LevLukomskyi (Lev Lukomskyi) wrote in #note-14:
> @austin, your example is a perfect example of "overengineering".
On this, we disagree. I find the number of sigils required for `**({ id: id, name: name } if id.present?)` to be a sure sign that someone is trying to be clever, rather than correct.
> We could argue about "clearness", although about "conciseness" it's easy to check – option 1: 72 characters, option 2: 62 characters, so option 2 is 15% more concise, clear winner.
Except that it’s not a clear winner at all. It means that I have to look at every single parameter to see the logic that applies to that parameter, which means that there’s a *substantially* increased surface for bugs.

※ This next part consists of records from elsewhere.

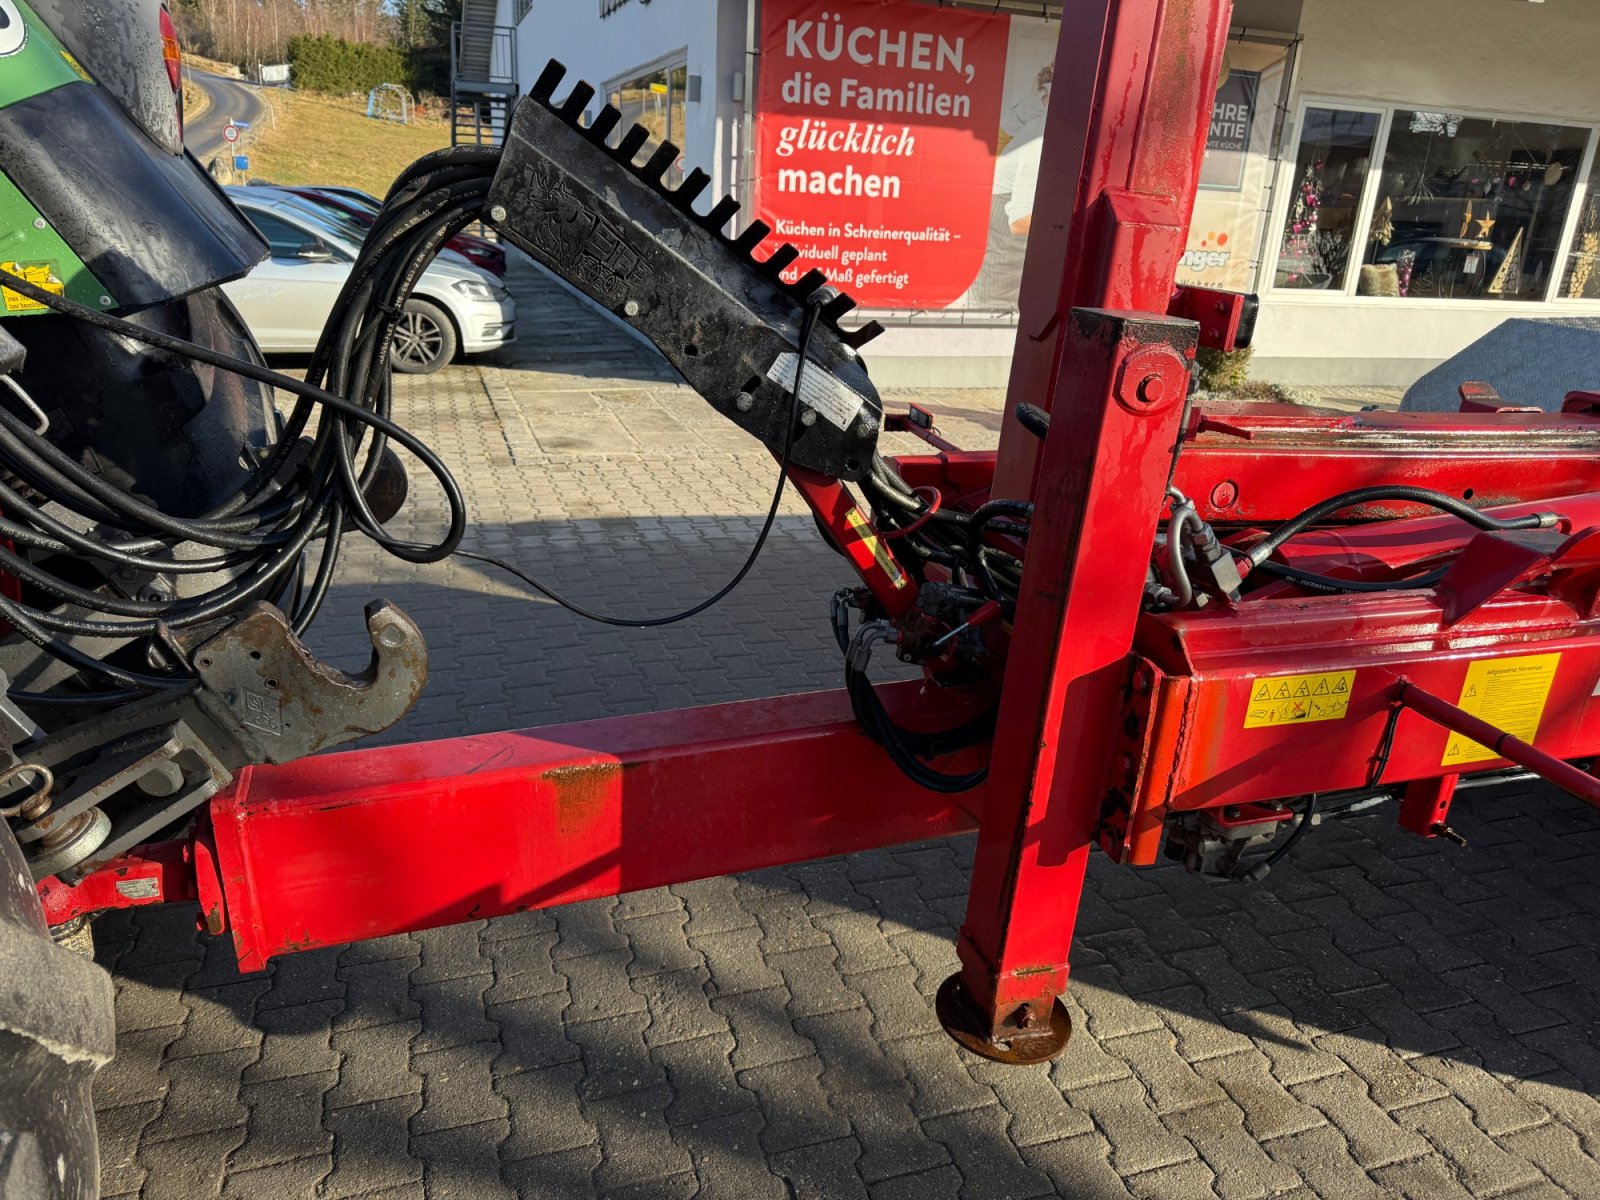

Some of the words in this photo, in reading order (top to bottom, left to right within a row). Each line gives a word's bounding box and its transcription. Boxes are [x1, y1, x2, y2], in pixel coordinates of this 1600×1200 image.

[785, 12, 975, 84] KÜCHEN,
[781, 72, 831, 105] die
[840, 78, 970, 117] Familien
[775, 119, 915, 157] glücklich
[777, 165, 901, 199] machen
[775, 219, 825, 237] Küchen
[828, 222, 840, 237] in
[844, 222, 950, 246] Schreinerqualität
[841, 247, 888, 266] geplant
[778, 266, 798, 281] nd
[825, 267, 853, 283] Maß
[855, 269, 909, 290] gefertigt
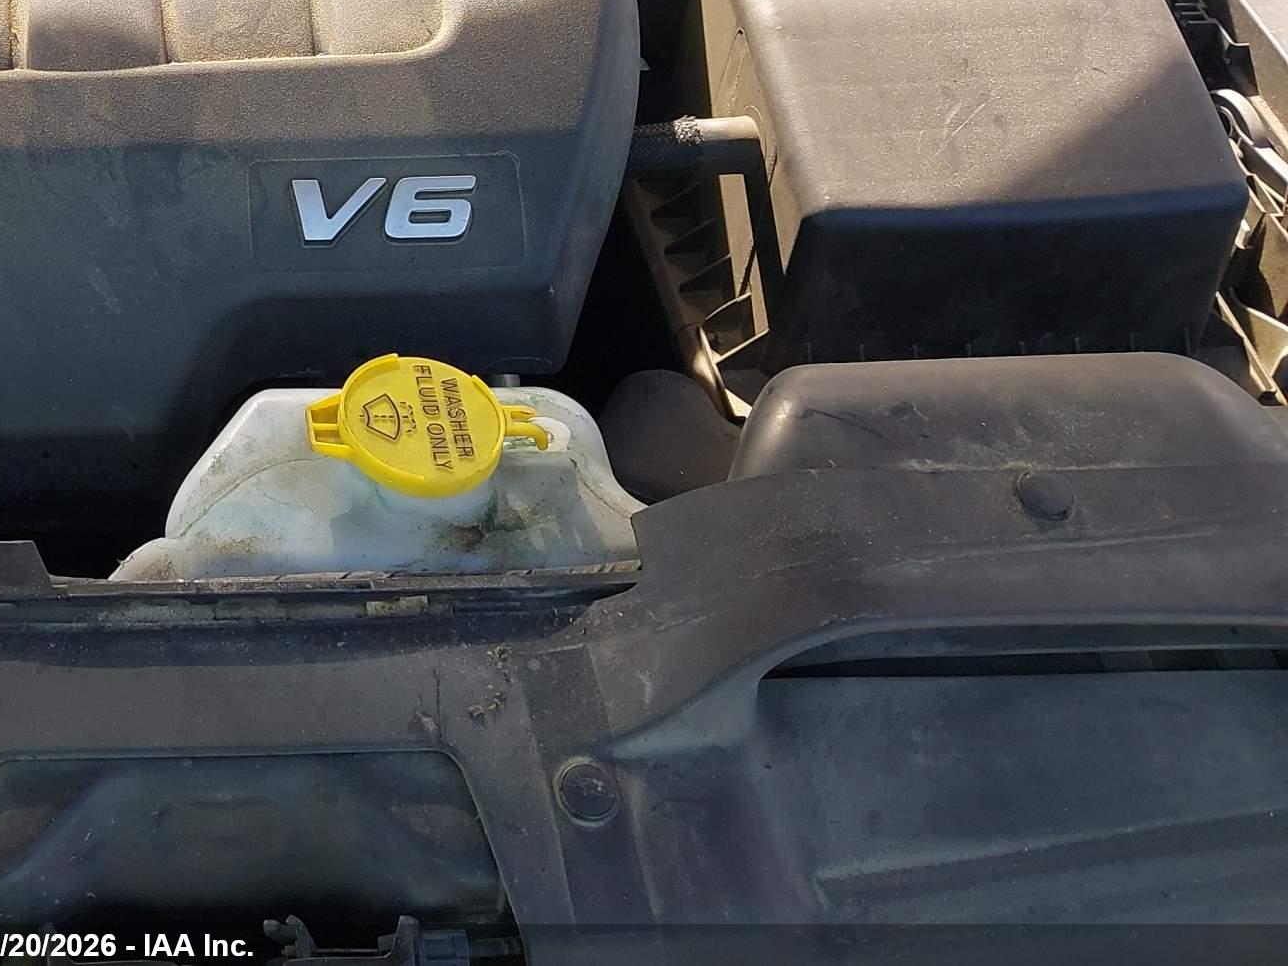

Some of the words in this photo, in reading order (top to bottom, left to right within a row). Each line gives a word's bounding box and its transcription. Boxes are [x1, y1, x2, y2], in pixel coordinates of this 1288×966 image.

[291, 174, 477, 241] V6
[412, 363, 441, 418] FLUID
[440, 377, 476, 461] WASHER
[425, 422, 455, 472] ONLY

I can write a *test* for `resolve_options` to make sure it always does the right thing. I can’t do that for inline `if id.present?` cases. If you don’t like the separate method `resolve_options`, then use ternaries:
```ruby
some_function({
some: 'value',
id: id.present? ? id : :omit,
name: id.present? ? name : :omit
}.delete_if { _2 == :omit })
```
Yes, I’m using `== :omit` instead of `_2.nil?` because nil may be a permitted value in the API being called, and I don’t know that. But a `resolve_options` method on the class where `some_function` is defined could know that.
> > > it has a high probability for compatibility issues
>
> Currently, nobody is using `**nil` because it throws an error because `nil.to_hash` is not defined. So I don't see how adding such feature would lead to _"high probability of compatibility issues"_.
Daniel DeLorme points out some oddities that would be involved with a monkeypatch above: https://bugs.ruby-lang.org/issues/18959#note-3
Yes, this feature *could* be useful, but I also think that your example use cases are code that I would never permit because it’s clever over clear.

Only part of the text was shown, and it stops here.